With all that was happening before and during a spring road trip up the coast last year in 2025, I did not manage to capture the highlights, nor even the lowlights, in my blog diary. The memory has blurred a little since 2025, but the feelings and photos remain with me and need to be written about before too much more post-trip time elapses. Some already has, of course, and will colour the memories, but that’s true of all of life’s retrospectivity.
The click of the front gate, the closing of the car boot, the last look around to make sure we were not doing any serious senior forgetting (a daily occurrence). Water bottles, Google maps and audiobooks loaded as we backed out of the driveway and pointed the trusty Mazda to the northern sun.

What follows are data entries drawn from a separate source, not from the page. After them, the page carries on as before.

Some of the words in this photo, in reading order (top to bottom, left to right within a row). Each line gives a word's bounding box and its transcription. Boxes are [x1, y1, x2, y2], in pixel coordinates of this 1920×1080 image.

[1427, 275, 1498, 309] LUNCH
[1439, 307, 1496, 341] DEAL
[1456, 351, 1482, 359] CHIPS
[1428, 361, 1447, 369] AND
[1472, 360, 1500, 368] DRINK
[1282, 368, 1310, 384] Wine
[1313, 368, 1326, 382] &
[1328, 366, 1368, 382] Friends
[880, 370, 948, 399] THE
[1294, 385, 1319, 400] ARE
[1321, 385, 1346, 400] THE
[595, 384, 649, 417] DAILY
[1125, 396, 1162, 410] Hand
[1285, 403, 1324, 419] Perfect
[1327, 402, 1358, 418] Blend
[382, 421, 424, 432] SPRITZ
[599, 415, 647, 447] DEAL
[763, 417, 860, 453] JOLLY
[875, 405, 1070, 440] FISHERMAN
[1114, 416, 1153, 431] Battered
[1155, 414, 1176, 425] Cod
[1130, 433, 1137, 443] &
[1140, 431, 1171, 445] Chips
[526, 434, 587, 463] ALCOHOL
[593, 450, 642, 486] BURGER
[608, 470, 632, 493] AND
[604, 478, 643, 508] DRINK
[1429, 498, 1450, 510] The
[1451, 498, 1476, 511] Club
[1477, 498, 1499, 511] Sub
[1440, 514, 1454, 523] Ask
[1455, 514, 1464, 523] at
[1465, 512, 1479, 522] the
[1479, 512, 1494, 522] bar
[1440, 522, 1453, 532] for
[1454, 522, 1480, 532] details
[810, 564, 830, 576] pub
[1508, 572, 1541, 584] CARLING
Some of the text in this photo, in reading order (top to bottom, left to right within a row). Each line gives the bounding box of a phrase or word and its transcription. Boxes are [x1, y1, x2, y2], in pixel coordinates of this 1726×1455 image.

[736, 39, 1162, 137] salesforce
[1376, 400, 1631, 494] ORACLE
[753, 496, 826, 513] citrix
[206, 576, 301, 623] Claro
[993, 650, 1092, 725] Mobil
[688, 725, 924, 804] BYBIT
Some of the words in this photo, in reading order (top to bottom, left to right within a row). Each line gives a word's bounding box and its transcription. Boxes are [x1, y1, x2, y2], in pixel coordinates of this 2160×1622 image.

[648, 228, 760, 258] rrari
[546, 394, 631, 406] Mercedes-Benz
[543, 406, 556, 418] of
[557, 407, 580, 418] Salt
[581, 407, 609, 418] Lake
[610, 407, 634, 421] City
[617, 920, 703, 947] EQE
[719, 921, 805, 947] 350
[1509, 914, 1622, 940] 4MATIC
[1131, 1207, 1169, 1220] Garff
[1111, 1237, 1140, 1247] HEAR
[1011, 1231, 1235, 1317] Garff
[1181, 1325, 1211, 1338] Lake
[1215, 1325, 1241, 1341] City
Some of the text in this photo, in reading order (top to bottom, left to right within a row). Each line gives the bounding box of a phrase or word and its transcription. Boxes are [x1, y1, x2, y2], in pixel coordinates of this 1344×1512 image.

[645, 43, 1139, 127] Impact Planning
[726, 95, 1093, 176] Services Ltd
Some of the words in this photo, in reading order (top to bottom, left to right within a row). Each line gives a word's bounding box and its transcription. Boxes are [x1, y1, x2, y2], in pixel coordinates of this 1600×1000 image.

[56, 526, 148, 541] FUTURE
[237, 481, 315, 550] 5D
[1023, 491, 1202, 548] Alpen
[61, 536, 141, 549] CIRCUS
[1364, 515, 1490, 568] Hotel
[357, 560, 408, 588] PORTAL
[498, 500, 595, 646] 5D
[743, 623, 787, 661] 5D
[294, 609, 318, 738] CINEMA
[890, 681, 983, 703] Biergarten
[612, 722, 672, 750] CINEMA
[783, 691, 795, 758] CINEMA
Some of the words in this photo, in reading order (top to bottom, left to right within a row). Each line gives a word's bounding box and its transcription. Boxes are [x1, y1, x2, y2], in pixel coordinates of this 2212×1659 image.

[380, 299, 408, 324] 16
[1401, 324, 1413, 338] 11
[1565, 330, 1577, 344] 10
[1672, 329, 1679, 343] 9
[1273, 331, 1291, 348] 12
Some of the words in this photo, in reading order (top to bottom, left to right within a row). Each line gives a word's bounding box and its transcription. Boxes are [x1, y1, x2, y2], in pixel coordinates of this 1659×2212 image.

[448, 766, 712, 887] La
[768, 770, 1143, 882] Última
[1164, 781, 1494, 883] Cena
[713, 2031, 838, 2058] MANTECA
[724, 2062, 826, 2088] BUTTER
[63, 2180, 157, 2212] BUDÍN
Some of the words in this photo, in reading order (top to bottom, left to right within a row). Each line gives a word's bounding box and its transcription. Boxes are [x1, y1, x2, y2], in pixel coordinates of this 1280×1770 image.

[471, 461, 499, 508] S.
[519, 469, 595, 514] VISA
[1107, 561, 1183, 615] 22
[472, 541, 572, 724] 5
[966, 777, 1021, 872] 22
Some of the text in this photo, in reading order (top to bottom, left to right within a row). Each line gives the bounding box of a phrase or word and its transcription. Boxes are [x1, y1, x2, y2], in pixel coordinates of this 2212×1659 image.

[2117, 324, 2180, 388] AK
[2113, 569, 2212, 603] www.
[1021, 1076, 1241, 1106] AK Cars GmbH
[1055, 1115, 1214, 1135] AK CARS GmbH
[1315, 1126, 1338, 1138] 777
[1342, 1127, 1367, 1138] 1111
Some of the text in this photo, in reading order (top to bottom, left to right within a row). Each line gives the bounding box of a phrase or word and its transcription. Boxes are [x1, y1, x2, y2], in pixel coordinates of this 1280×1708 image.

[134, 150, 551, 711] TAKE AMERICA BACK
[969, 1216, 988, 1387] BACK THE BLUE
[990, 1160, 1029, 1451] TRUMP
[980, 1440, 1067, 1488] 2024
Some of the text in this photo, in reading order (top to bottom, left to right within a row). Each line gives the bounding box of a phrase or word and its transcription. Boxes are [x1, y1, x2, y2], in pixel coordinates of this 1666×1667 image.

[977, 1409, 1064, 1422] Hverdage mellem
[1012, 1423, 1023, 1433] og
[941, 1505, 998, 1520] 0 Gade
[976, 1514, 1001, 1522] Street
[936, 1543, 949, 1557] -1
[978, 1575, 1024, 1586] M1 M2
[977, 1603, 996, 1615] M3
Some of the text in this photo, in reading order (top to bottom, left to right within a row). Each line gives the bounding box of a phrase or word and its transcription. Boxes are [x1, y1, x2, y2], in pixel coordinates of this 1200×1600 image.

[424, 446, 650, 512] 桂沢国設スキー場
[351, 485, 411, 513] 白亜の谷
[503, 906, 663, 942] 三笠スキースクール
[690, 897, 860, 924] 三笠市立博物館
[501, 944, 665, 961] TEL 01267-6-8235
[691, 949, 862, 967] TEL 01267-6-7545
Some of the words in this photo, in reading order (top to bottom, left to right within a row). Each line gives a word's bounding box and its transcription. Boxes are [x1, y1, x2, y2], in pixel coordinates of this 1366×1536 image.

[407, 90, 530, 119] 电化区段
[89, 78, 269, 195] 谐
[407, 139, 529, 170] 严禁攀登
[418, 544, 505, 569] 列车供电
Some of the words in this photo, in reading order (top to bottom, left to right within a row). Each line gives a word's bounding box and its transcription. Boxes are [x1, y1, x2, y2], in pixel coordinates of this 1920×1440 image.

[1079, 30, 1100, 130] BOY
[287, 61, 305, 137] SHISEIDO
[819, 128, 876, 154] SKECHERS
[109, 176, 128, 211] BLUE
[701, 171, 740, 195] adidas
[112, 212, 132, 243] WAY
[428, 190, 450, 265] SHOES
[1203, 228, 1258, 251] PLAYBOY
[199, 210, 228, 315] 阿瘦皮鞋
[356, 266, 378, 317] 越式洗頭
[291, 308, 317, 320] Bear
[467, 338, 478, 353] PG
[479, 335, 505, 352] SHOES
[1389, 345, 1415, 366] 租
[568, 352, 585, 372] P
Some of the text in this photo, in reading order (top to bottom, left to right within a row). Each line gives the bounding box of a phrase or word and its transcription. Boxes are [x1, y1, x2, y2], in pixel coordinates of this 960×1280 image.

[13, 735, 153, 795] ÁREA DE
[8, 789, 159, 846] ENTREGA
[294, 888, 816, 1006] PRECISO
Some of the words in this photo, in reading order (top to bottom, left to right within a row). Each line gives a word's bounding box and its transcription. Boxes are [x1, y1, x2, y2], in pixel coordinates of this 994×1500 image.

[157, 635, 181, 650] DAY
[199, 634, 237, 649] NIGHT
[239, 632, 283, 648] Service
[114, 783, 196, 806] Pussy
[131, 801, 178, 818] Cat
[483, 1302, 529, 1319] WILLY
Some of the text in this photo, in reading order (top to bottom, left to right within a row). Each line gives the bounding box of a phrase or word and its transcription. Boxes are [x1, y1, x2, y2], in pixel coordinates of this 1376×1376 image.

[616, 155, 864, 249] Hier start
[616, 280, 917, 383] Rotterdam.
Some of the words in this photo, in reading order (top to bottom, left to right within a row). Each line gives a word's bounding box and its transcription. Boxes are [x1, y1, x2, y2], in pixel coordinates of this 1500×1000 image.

A driving holiday is so much easier than flying to Europe as we have so many times and involves much less adrenaline. No panic about negotiating freeways in time to the airport, no fear of forgetting passports and documents, nor worry about booking details and weighing of luggage. I am fortunate or mad enough to have done seven trips to Europe and not having to steel myself for a long haul flight suddenly felt deliciously refreshing even before we turned out of our street. This was the great Aussie road trip!
Unlike the claustrophobic panic I feel when the exit doors are closed on a plane, I knew that I could stop the car and get out any time I wanted to. Peter had polished said car so that its ‘crystal soul’ red duco gleamed and was rearing to go. We were off and running!
We planned to head east, then north, over the border, hugging the coast, taking three days to get to Jervis Bay; then to take the trip back slowly.
I love country motels, with their beige decor and unpainted brick interiors. Often there is still a flap in the door where they used to insert an ordered breakfast. Once on the road it is all we need, and helps us to focus down and leave complex life demands behind.
Orbost was far enough from home for our first motel stay and by the time we were ready to find dinner, the main street was very quiet. Undaunted by the bad experiences we have sometimes had at Chinese takeaways in country towns, we were ever hopeful, and found Leon Palace, an Asian place where we were almost the only customers – should we have been worried?
Before we knew it, we were conversing in Indonesian with the surprised and friendly female cook from Timor and enjoying great food. In just a few hours, I already felt liberated from cooking and the unwinding had begun. We slept so well – far enough back from the main road not to hear the trucks thundering all night.